Now that we’ve covered what LoRA is, we can begin to discuss how it interacts with weight decay to produce a feature/bug. Since \(A\) and \(B\) are the “actual” matrices we’re performing gradient descent on, the weight decay term in the objective looks like this, in that we’re moving the minima towards where the adapter matrices are closer to 0:

\[R(\theta)=\sum_i \sum_j[A_{{\color{RoyalBlue}q}}^{\color{PineGreen}{1}}]_{ij}^2+ \sum_i \sum_j[B_{{\color{RoyalBlue}q}}^{\color{PineGreen}{1}}]_{ij}^2+ \cdots\]

Let’s contrast this with the formulation in full finetuning:

• In full finetuning, we have \(W \rightarrow 0\), in that the weight decays to 0 directly.
• However, in LoRA, because \(A\) and \(B\) decay to 0, in effect we have \(W \rightarrow W_{\text{init}}\) instead.

This means LoRA solutions are biased towards the original frozen weight matrices, unlike in full finetuning, where they’re biased towards zero. And this behavior does not go away with increasing the LoRA rank \(r\) - one could increase it all the way to infinity(!), and the optimization process would still be biased towards the original frozen weights instead of zero. That is, even in the limit, LoRA does not approximate full finetuning, but a different objective.

A fix

If we wanted the full adapted matrix to go towards zero (as would happen in full finetuning), we’d need a regularization term where the entire adapted weight matrix goes to zero, as follows:

\[\begin{align*} R(\theta)&=\sum_i \sum_j[W_{{\color{RoyalBlue}q}}^{\color{PineGreen}{1}}]_{ij}^2+\cdots\\ &=\sum_i \sum_j[W_{{\color{RoyalBlue}q\color{Black}\text{,init}}}^{\color{PineGreen}{1}} + A_{{\color{RoyalBlue}q}}^{\color{PineGreen}{1}}B_{{\color{RoyalBlue}q}}^{\color{PineGreen}{1}}]_{ij}^2+\cdots \end{align*}\]

This is actually straightforward to derive, and yields a pair of update equations that can be implemented much like standard weight decay. First, start at the core definition of weight decay, which involves calculating the gradient of the weight w.r.t. the regularization term:

\[{\color{YellowOrange}{w}} \leftarrow {\color{YellowOrange}{w}} - \alpha \left(\frac{\partial \color{BrickRed}{L}}{\partial \color{YellowOrange}{w}} + \frac{\lambda}{2} \frac{\partial R}{\partial \color{YellowOrange}{w}} \right)\]

Second, compute the gradient of \(A\) and \(B\)⁹ w.r.t. the “corrected” \(R(\theta)\) above. This yields:

\[\begin{align*} \frac{\partial R}{\partial \color{YellowOrange}{A}}&=2 (W_{\text{init}} + {\color{YellowOrange}{A}}{\color{PineGreen}{B}}) {\color{PineGreen}{B^T}}\\ \frac{\partial R}{\partial \color{YellowOrange}{B}}&=2 {\color{PineGreen}{A^T}}(W_{\text{init}} + {\color{PineGreen}{A}}{\color{YellowOrange}{B}}) \end{align*}\]
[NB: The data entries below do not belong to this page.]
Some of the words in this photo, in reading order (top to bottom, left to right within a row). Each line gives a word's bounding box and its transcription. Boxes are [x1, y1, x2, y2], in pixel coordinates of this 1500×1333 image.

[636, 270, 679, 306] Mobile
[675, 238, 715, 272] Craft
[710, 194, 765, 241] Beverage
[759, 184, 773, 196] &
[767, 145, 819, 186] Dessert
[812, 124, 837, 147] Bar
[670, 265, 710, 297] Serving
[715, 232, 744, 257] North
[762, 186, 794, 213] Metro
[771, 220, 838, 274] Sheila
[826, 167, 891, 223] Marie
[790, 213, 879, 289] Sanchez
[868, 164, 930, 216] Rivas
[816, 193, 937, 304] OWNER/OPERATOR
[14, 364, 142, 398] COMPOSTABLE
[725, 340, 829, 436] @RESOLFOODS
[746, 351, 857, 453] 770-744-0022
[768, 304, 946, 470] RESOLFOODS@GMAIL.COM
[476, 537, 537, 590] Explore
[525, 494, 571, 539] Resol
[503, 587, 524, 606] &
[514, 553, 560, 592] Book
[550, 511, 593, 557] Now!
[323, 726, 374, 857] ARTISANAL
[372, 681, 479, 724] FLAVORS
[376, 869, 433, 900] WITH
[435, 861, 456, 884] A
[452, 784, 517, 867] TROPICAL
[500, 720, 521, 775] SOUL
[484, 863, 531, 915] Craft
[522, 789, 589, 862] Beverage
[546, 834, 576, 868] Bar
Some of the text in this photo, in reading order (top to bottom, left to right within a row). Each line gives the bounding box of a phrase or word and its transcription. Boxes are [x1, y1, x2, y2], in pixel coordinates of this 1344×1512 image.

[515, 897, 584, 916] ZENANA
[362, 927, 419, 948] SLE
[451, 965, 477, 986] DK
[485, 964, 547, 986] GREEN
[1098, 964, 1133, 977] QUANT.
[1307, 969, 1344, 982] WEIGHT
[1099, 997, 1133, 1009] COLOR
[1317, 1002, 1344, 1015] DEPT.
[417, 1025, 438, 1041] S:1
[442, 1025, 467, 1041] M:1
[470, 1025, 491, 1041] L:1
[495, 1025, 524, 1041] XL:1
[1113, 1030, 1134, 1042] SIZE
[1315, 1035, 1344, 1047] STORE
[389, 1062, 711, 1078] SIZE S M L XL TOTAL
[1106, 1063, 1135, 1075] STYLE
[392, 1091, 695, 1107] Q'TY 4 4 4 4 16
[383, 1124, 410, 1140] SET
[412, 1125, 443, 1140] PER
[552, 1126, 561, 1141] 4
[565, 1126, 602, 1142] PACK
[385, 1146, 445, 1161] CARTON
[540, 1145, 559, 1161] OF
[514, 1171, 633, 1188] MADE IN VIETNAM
Inserting back into the definition of weight decay, we get the following concrete update equations for \(A\) and \(B\):

\[\begin{align*} {\color{YellowOrange}{A}} &\leftarrow {\color{YellowOrange}{A}} - \alpha \frac{\partial \color{BrickRed}{L}}{\partial \color{YellowOrange}{A}} - \alpha \lambda (W_{\text{init}} + {\color{YellowOrange}{A}}{\color{PineGreen}{B}}) {\color{PineGreen}{B^T}}\\ {\color{YellowOrange}{B}} &\leftarrow {\color{YellowOrange}{B}} - \alpha \frac{\partial \color{BrickRed}{L}}{\partial \color{YellowOrange}{B}} - \alpha \lambda {\color{PineGreen}{A^T}}(W_{\text{init}} + {\color{PineGreen}{A}}{\color{YellowOrange}{B}}) \end{align*}\]

In code

This is what the standard formulation of weight decay in the Optax (Babuschkin et al., 2020) library looks like. It’s quite clean: add a weight_decay (\(\lambda\)) scaled version of the parameter p to its current update g¹⁰.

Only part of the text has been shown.